Il était une île… par Claude-Andrée L’Espérance

Par Chatquilouche @chatquilouche

Il était une île, à la nuit tombée tout entourée d’ombres, d’écueils, de hauts-fonds. Une île que personne n’osait approcher.

Au milieu de l’île, devant un écran, bleu comme ciel de lune, une forme humaine figée, immobile, semblait faire le guet. Un veilleur de nuit, une sentinelle ou quelque vestale d’une ancienne cité ? Mais qui était-il ? Mais qui était-elle ? J’aurais bien voulu pouvoir éclaircir ce troublant mystère. Regardant la mer, il me vint l’idée d’une traversée. Et à la faveur d’une nuit sans lune, transie par la peur, je me vis soudain m’approcher de l’île, passer les hauts-fonds, passer les écueils, prête à l’abordage. Et dans la nuit noire mettre pied à terre tout en trébuchant.

Je marchai longtemps, poussée par ma quête. Le regard rivé sur cet écran bleu brillant comme un phare au milieu de l’île. Je marchai longtemps… jusqu’à ce moment où le jour se charge de montrer crûment ce qu’on ne veut pas voir.

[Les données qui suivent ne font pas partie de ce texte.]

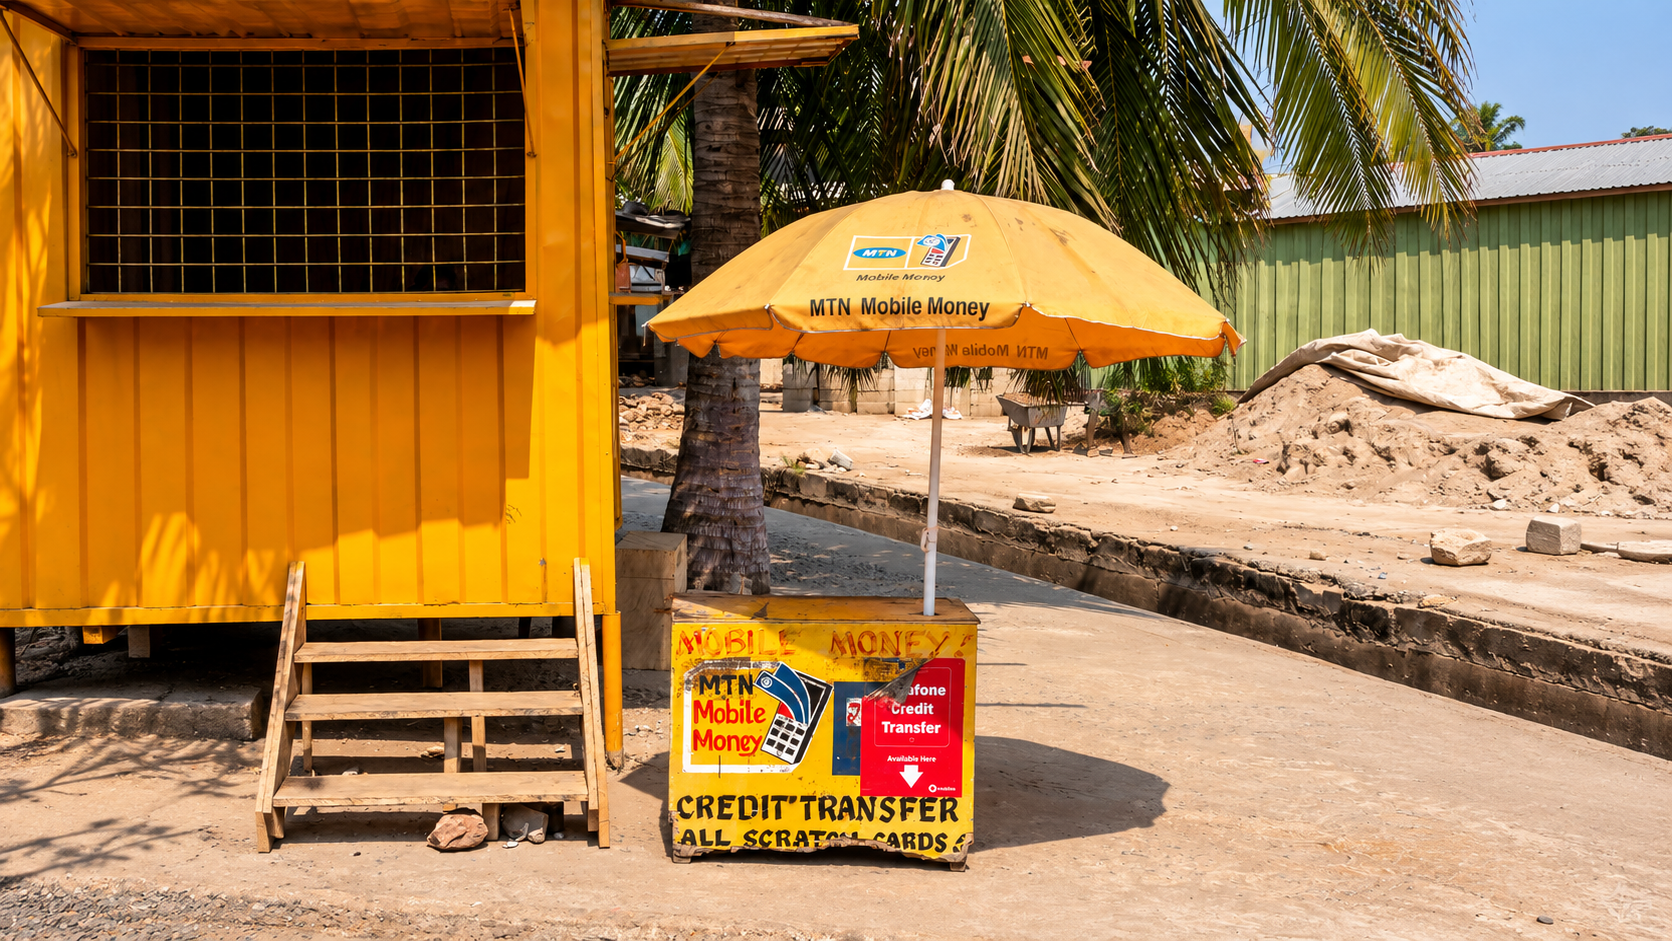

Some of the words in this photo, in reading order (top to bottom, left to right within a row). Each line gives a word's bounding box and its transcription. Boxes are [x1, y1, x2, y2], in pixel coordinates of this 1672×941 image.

C’est ainsi qu’à l’aube je réalisai qu’au lieu des écueils, au lieu des hauts-fonds, des piles de déchets aux odeurs putrides, qui n’ont rien à voir avec l’air salin, semblaient me narguer. Au milieu de l’île où j’avais cru voir un veilleur de nuit, une sentinelle ou quelque vestale qui faisait le guet, je ne retrouvai qu’une statue de chair. Une énorme femme devant l’écran bleu où jouait en boucle l’histoire d’un naufrage.

Empress of Ireland ou bien Titanic ?… Enfin je ne sais plus… un de ces navires qui coula à pic.

Notice biographique

Claude-Andrée L’Espérance a étudié les arts plastiques à l’Université du Québec à Chicoutimi. Fascinée à la fois par les mots et par la matière, elle a exploré divers modes d’expression, sculpture, installation et performance, jusqu’à ce que l’écriture s’affirme comme l’essence même de sa démarche. En 2008 elle a publié à compte d’auteur Carnet d’hiver, un récit repris par Les Éditions Le Chat qui louche et tout récemment Les tiens, un roman, chez Mémoire d’encrier. À travers ses écrits, elle avoue une préférence pour les milieux marins, les lieux sauvages et isolés, et les gens qui, à force d’y vivre, ont fini par en prendre la couleur. Installée aux abords du fjord du Saguenay, en marge d’un petit village forestier et touristique, elle partage son temps entre sa passion pour l’écriture et le métier de cueilleuse qui l’entraîne chaque été à travers champs et forêts.  Elle est l’auteure des photographies présentées ici.